Comment tester les différents aspects du langage ?
On peut réaliser des tests dans les deux grands pôles du langage, c'est-à-dire l'entrée, ou compréhension,
et la sortie, ou production.
La compréhension peut se baser sur :
• des informations orales : ordre simple tel que « ouvrez la bouche »
• des informations écrites : ordre par écrit
• la désignation d'objets, de scènes : la tâche est plus complexe pour le patient, qui devra par exemple
montrer le placard puis le plafond puis la porte (mémorisation)

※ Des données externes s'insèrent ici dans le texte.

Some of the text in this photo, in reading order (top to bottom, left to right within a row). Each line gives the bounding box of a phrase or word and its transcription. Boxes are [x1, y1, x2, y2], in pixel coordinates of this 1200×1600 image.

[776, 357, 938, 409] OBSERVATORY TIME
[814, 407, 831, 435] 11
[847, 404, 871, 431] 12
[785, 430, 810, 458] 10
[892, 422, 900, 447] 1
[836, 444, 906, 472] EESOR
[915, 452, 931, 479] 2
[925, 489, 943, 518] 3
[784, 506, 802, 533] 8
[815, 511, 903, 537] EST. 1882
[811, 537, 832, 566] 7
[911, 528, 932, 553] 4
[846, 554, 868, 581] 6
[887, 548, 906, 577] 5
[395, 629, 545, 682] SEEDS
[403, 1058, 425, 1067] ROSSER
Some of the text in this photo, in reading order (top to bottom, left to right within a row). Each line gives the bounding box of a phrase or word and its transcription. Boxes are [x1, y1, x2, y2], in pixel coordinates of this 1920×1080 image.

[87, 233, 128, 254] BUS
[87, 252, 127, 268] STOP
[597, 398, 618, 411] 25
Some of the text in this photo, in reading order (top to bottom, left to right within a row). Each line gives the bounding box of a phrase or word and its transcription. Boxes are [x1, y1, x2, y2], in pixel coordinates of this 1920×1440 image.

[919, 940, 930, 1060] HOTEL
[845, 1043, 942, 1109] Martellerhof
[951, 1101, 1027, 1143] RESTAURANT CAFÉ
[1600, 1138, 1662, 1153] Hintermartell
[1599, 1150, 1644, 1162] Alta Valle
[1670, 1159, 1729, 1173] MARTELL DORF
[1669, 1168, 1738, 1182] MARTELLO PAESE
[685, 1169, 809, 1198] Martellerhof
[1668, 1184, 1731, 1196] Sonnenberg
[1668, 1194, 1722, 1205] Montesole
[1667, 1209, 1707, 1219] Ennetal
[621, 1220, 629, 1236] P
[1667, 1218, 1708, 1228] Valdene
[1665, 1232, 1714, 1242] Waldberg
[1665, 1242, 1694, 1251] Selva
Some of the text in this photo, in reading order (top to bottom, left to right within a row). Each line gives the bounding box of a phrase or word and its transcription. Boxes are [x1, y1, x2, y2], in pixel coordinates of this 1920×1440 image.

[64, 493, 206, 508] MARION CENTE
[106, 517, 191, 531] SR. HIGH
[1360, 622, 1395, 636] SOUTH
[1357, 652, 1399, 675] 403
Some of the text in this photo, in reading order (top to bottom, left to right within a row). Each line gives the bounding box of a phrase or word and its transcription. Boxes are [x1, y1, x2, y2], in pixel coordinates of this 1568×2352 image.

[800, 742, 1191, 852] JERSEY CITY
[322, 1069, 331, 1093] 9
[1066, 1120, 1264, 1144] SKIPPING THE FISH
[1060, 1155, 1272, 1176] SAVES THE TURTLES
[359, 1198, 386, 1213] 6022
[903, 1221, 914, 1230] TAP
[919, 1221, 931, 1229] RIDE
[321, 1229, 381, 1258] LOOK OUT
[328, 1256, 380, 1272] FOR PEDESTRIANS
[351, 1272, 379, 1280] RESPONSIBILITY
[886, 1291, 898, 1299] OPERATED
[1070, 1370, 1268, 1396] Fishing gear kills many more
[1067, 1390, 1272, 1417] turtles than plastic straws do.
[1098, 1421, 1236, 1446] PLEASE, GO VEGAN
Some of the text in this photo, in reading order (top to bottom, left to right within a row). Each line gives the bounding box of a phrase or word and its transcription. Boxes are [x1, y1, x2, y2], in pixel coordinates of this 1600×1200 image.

Concernant la production du langage :
• Elle peut prendre la forme de séries automatiques : par exemple, on peut compter jusqu'à 10 ou réciter
les jours de la semaine sans avoir à se concentrer. Les jurons sont aussi une forme de langage
automatique. Cette production de base est principalement sous-corticale.
•
On étudie également le langage spontané : la façon dont le patient parle, avec ou sans pauses (fluence),
discours informatif ou non, lors de la réponse à des questions simples (comment allez-vous ? Quel âge ?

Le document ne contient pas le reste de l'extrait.